Often I can half appreciate the notion, as with
Feel like falling in love with the first woman I meet
But when we have
All these people that you mention
Yes, I know them, they’re quite lame
I had to rearrange their faces
And give them all another name
that really turned my head over when I heard it for the first time – the notion that one might have such a strong negative opinion of people that one could then go a step further and change their actual beings. Not giving them nicknames or put down names, no, something much further down the road than that. Something that says I can actually change them, because reality is not the world, but the way I see the world.

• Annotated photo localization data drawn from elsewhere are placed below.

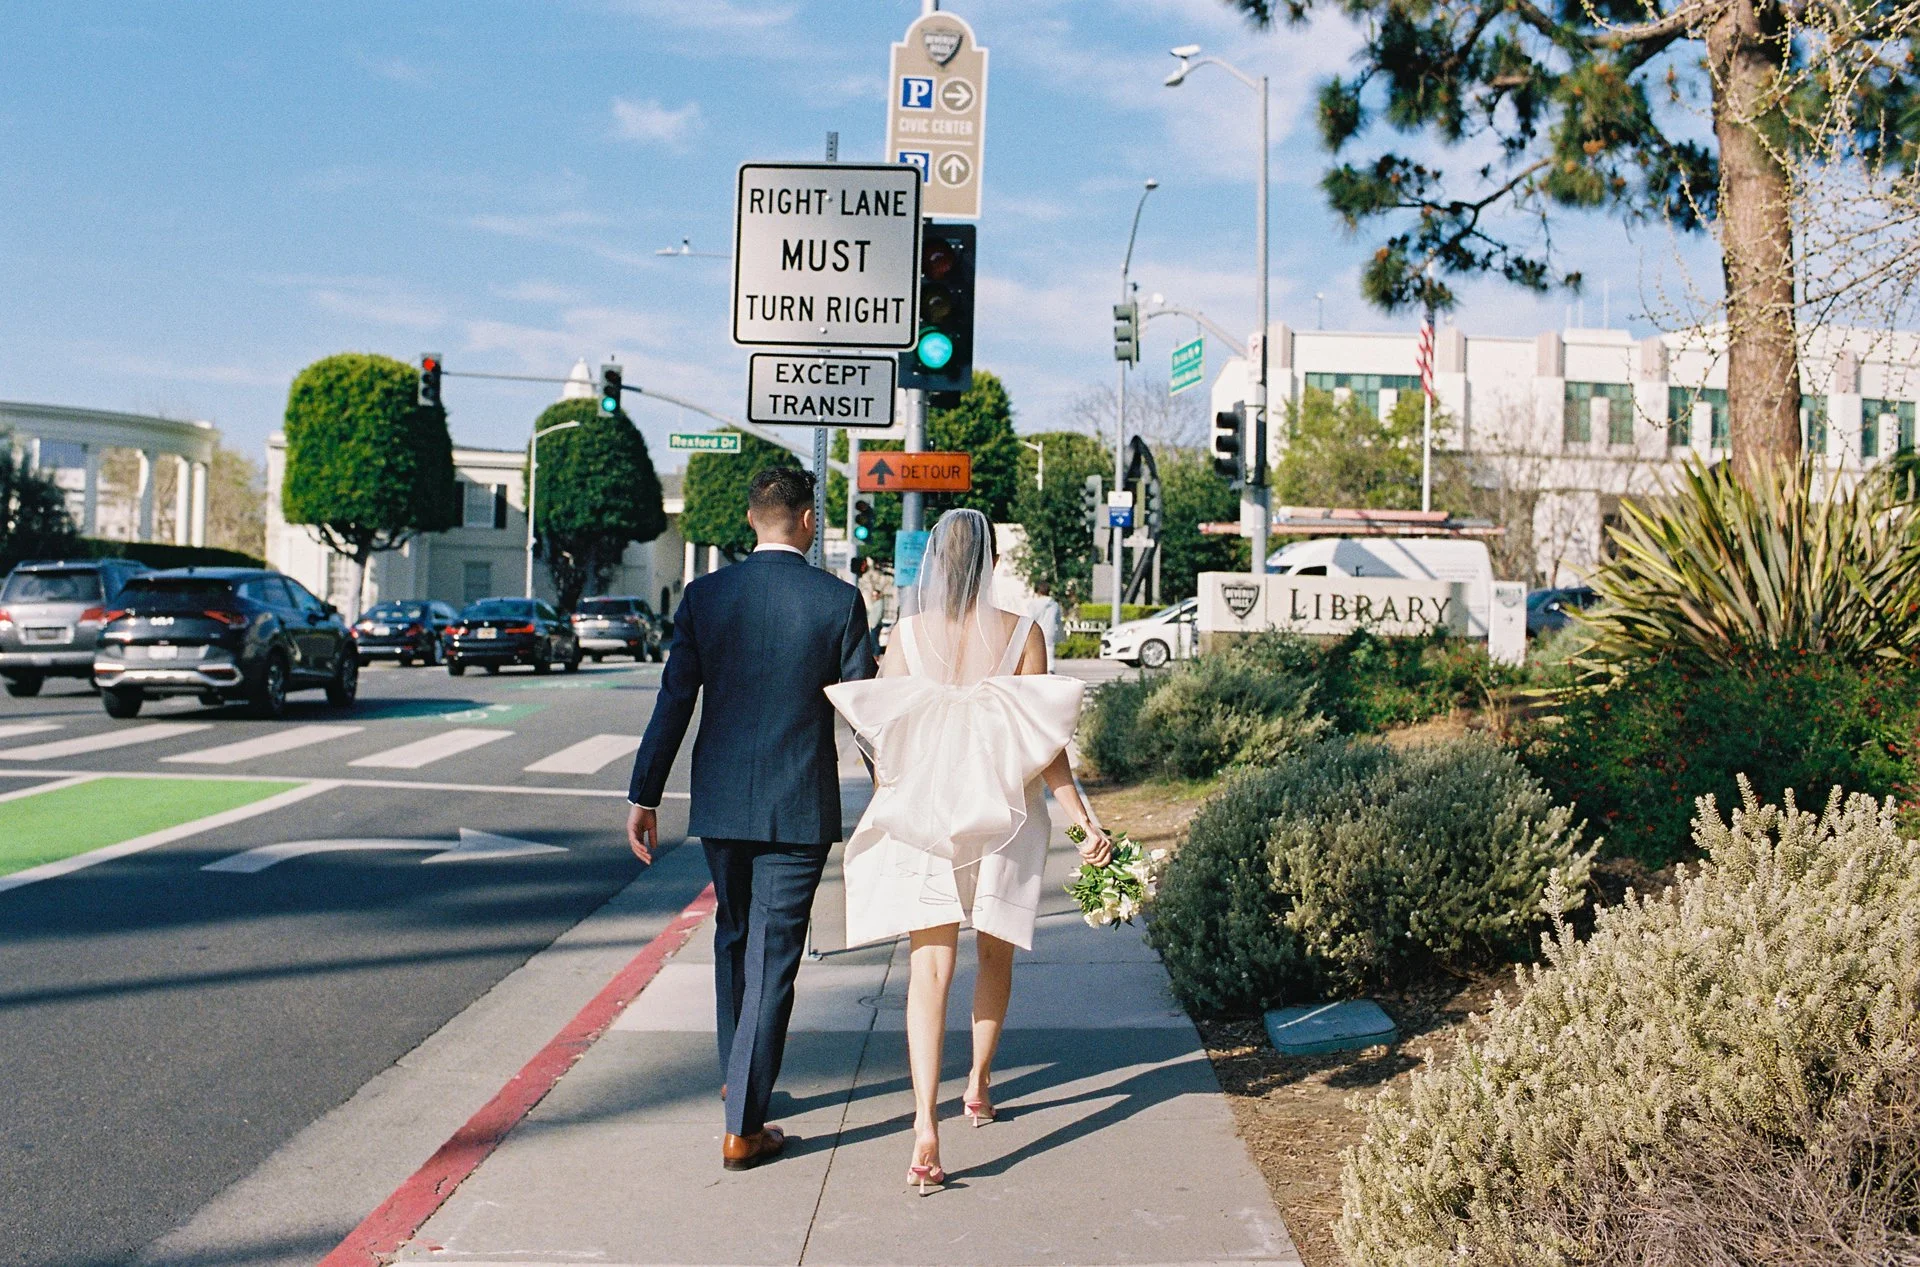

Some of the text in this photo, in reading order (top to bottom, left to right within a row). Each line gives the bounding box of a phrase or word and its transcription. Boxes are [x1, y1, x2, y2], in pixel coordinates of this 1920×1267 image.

[907, 79, 930, 107] P
[899, 117, 973, 136] CIVIC CENTER
[750, 188, 908, 217] RIGHT LANE
[782, 239, 872, 273] MUST
[746, 295, 906, 324] TURN RIGHT
[776, 363, 872, 386] EXCEPT
[769, 394, 875, 418] TRANSIT
[671, 435, 736, 449] Rexford Dr
[900, 464, 962, 480] DETOUR
[1289, 587, 1452, 624] LIBRARY

Change of the fundamental reality is the eternal constant of Dylan’s songs…
And don’t speak too soon
For the wheel’s still in spin
But he expresses it in so many different, alluring, unforgettable ways. Here’s another line it is hard to forget once you have heard it…

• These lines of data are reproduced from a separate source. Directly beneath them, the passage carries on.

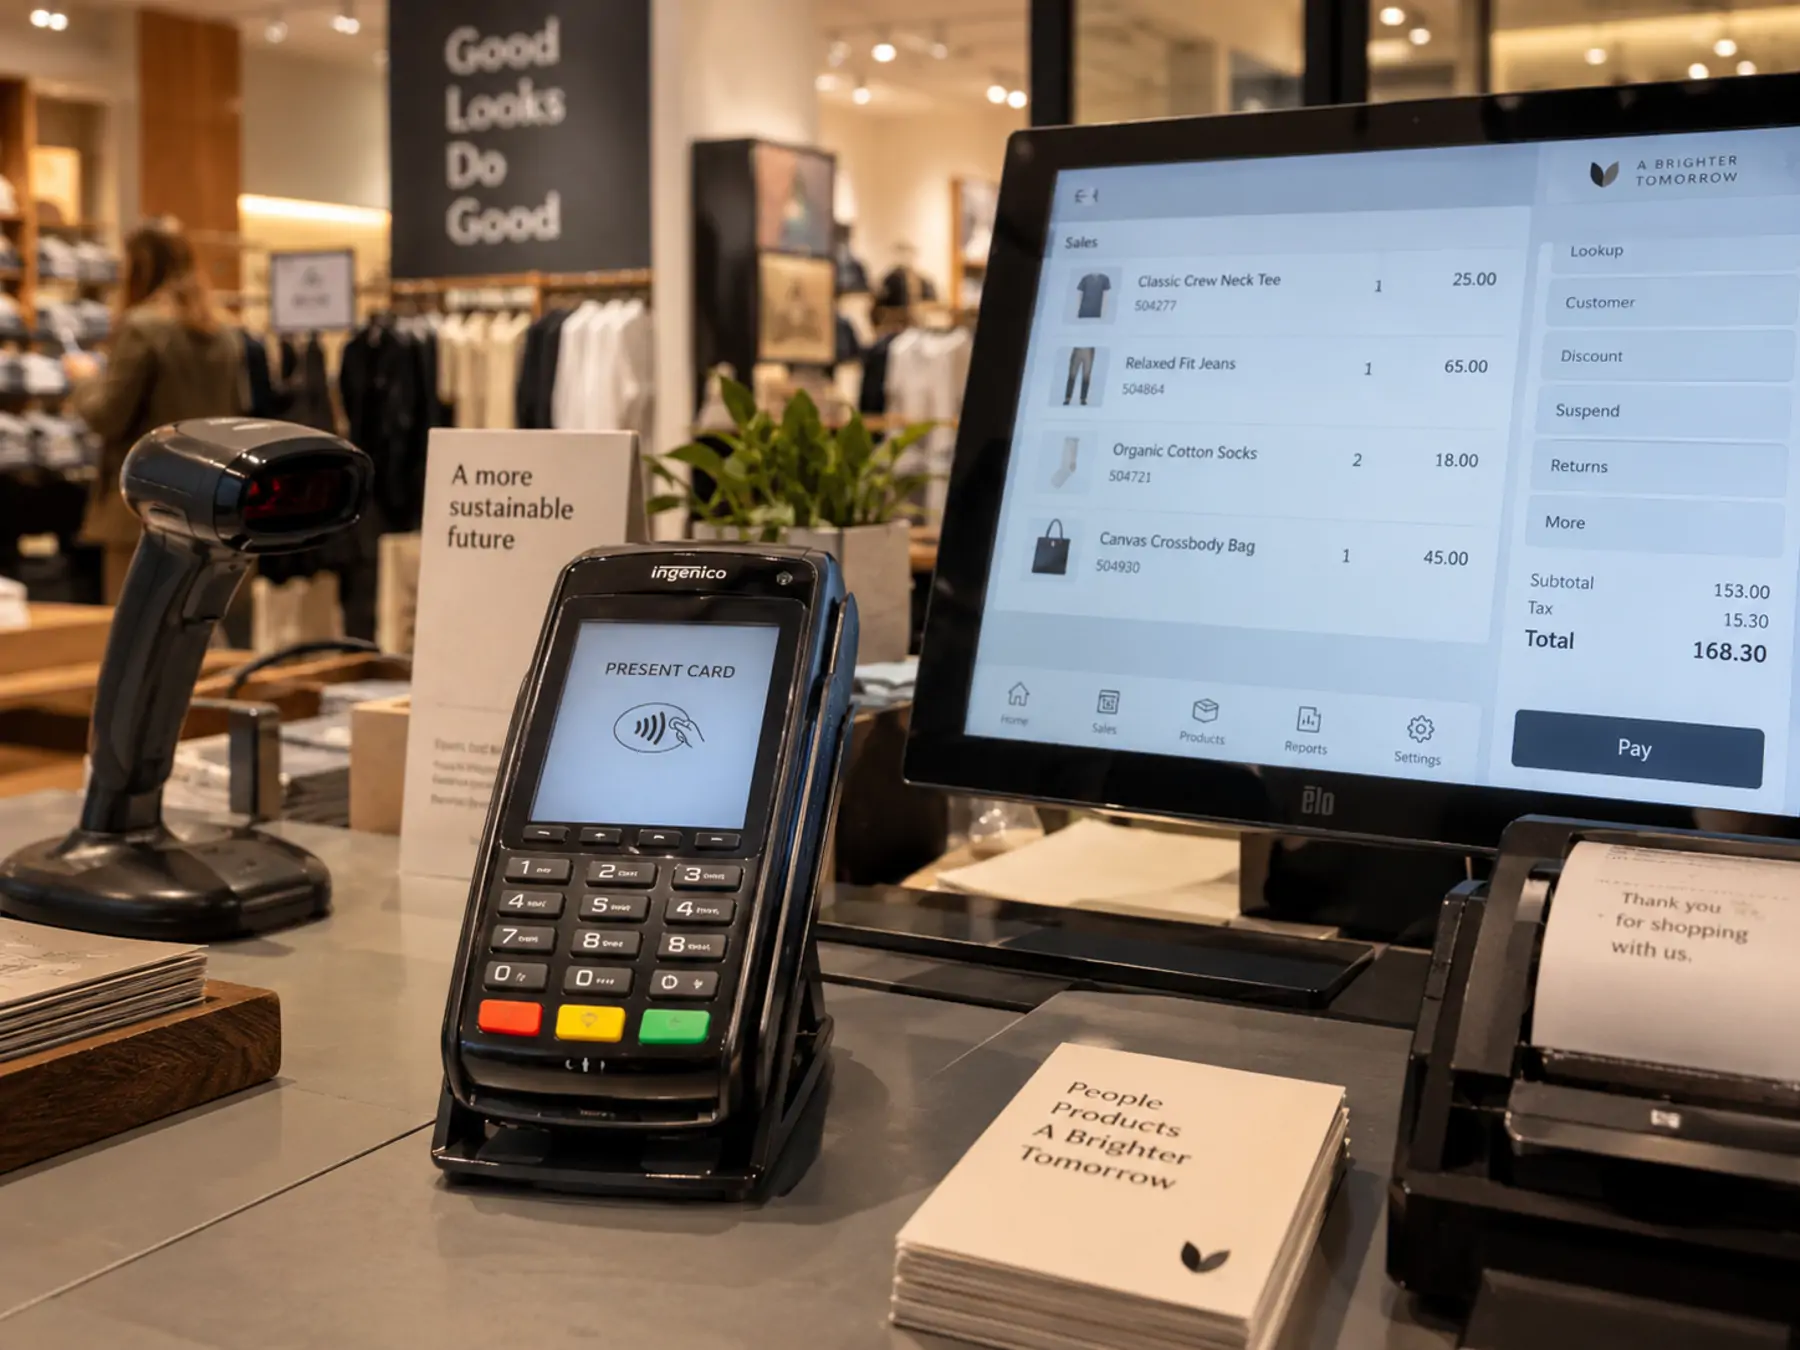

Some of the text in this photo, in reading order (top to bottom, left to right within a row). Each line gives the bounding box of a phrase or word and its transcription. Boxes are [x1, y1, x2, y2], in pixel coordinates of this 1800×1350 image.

[444, 15, 560, 76] Good
[446, 78, 567, 134] Looks
[446, 142, 507, 189] Do
[1636, 155, 1738, 170] A BRIGHTER
[1636, 172, 1739, 187] TOMORROW
[446, 190, 560, 246] Good
[1065, 236, 1098, 249] Sales
[1570, 245, 1624, 259] Lookup
[1138, 272, 1498, 293] Classic Crew Neck Tee 1 25.00
[1134, 300, 1177, 312] 504277
[1565, 296, 1636, 310] Customer
[1560, 349, 1623, 364] Discount
[1125, 356, 1489, 376] Relaxed Fit Jeans 1 65.00
[1122, 382, 1165, 395] 504864
[1556, 403, 1620, 420] Suspend
[1113, 443, 1479, 468] Organic Cotton Socks 2 18.00
[1551, 459, 1608, 473] Returns
[452, 464, 533, 487] A more
[1109, 469, 1151, 483] 504721
[449, 498, 574, 521] sustainable
[1545, 515, 1586, 530] More
[448, 526, 515, 550] future
[1100, 532, 1469, 566] Canvas Crossbody Bag 1 45.00
[651, 565, 727, 582] ingenico
[1096, 559, 1140, 574] 504930
[1530, 573, 1770, 599] Subtotal 153.00
[1528, 600, 1769, 629] Tax 15.30
[1525, 630, 1767, 664] Total 168.30
[605, 662, 735, 679] PRESENT CARD
[1092, 722, 1117, 735] Sales
[1179, 731, 1225, 746] Products
[1284, 741, 1328, 756] Reports
[1394, 750, 1442, 768] Settings
[1618, 738, 1652, 761] Pay
[521, 860, 530, 875] 1
[599, 864, 616, 878] 2
[684, 867, 702, 882] 3
[508, 893, 524, 909] 4
[676, 901, 693, 916] 4
[1622, 891, 1722, 915] Thank you
[502, 928, 518, 944] 7
[1615, 913, 1749, 945] for shopping
[583, 932, 600, 948] 8
[668, 936, 686, 952] 8
[1611, 939, 1693, 963] with us.
[1067, 1081, 1163, 1111] People
[1051, 1101, 1181, 1138] Products
[1032, 1124, 1192, 1166] A Brighter
[1020, 1145, 1176, 1190] Tomorrow

But there’s nothing, really nothing to turn off
And why is that? Well, because all the world (which “I would defy”) that we perceive is not real… There really is nothing out there, apart from what I have created.
We’re idiots, babe,
Of course one of things we are always doing with Bob is moving on, because we’ve just gotta keep moving as Robert Johnson instructed now that the blues are falling down like hail. And we can move on because the trains are everywhere in Dylan whether he has
Got white skin, got assassin’s eyes
I’m looking up into the sapphire-tinted skies
I’m well dressed, waiting on the last train
or whether he is on the bottom looking up, riding the mail train with so little left that he can’t even buy a thrill. And maybe that contrast is the key to a lot of Dylan’s more obscure lines. That change of place between the person at the top and the person at the bottom.

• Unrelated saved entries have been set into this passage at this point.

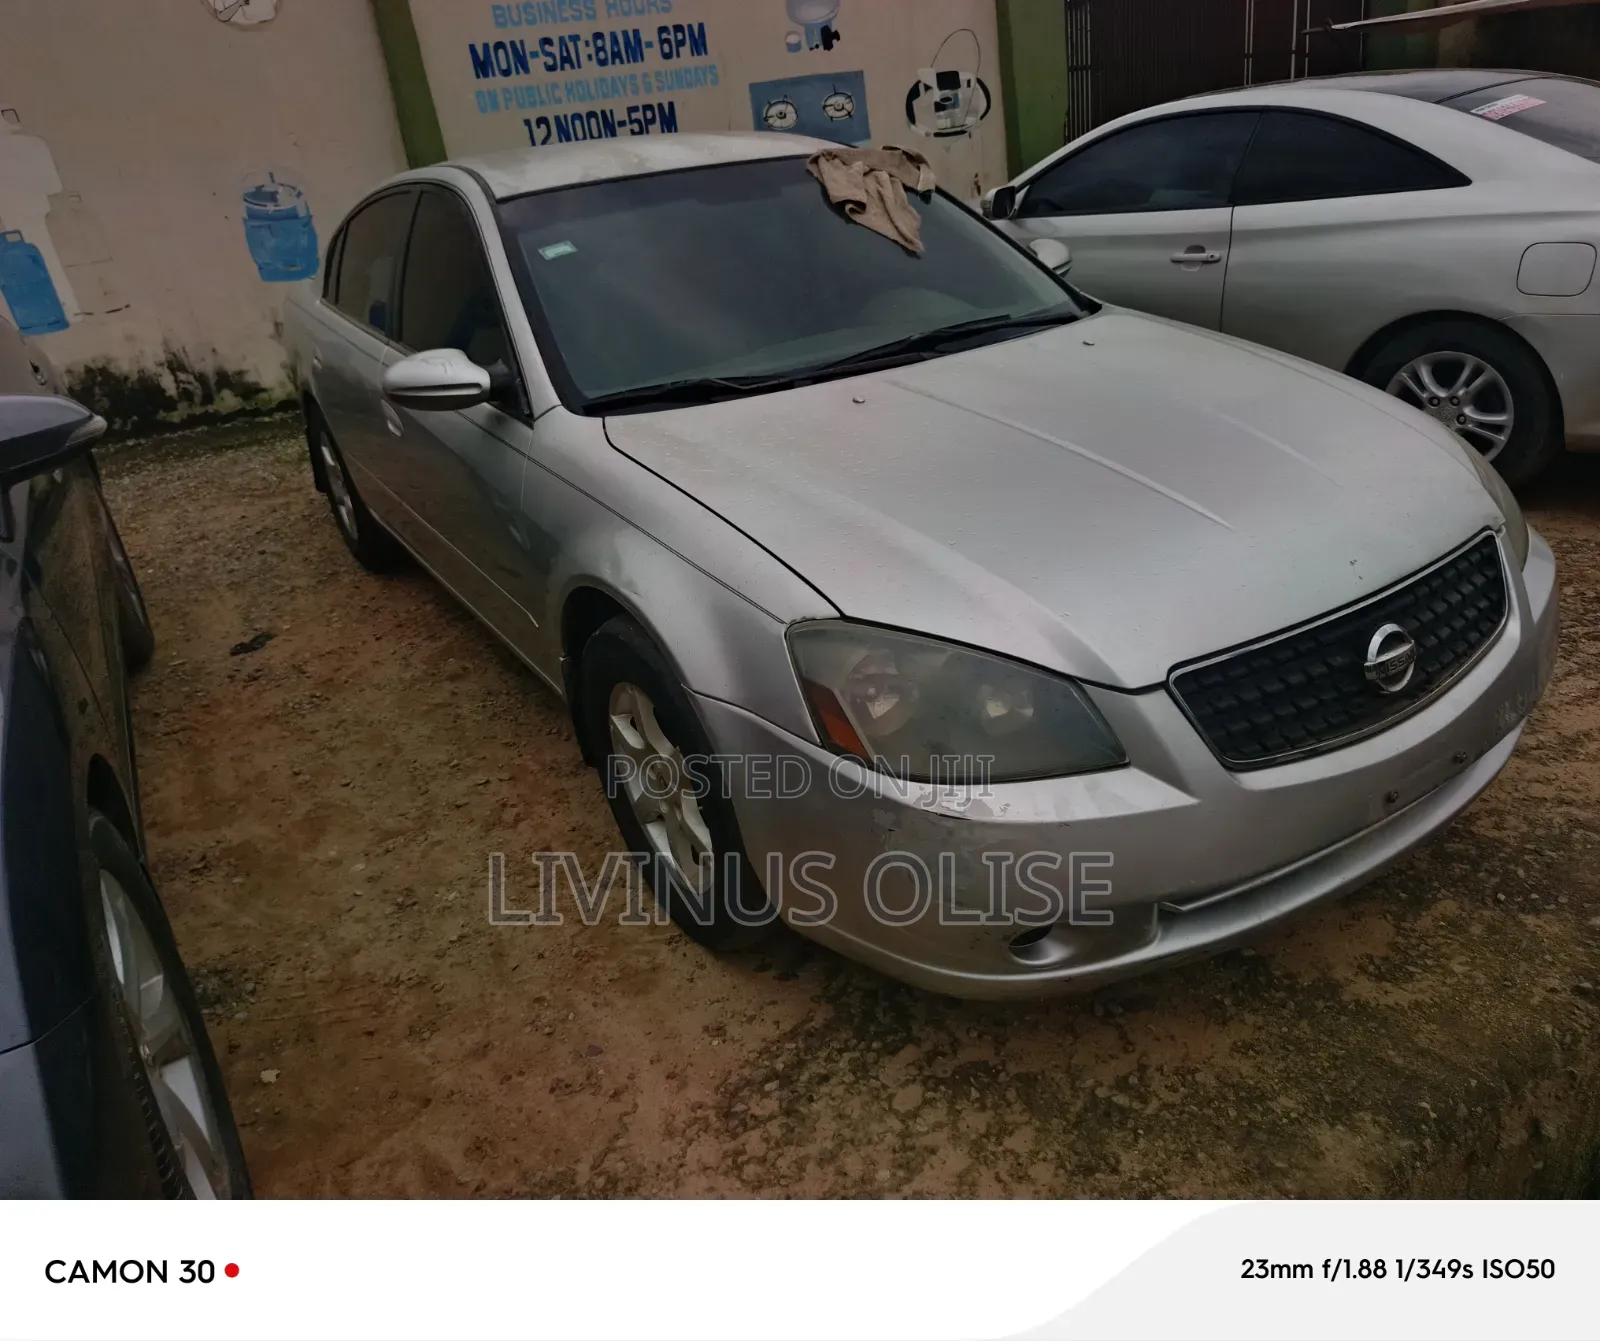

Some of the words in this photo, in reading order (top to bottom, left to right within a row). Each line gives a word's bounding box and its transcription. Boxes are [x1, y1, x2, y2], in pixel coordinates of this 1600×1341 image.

[491, 0, 597, 29] BUSINESS
[475, 87, 499, 115] ON
[502, 81, 563, 111] PUBLIC
[564, 73, 639, 104] HOLIDAYS
[654, 64, 720, 93] SUNDAYS

I wish that for just one time
You could stand inside my shoes
And just for that one moment
I could be you
Yes, I wish that for just one time
You could stand inside my shoes
You’d know what a drag it is
To see you
And who are these people? Often we just don’t know, for they are the shadow people, the people in the street, on the train, in the club. She might be real to Bob, but she is not real to us. For when you see her…
The ghost of electricity howls in the bones of her face.
More than anything Bob uses his lyrics to open up this secondary world that lies in the shadows of what we choose to call reality, but which in essence is just another construct of our minds.
Bring down my fiddle
Tune up my strings
I’m gonna break it wide open
Like the early Roman kings
There are always alternative realities available, and it is simply our fault if we don’t recognise this and start to consider the possibilities…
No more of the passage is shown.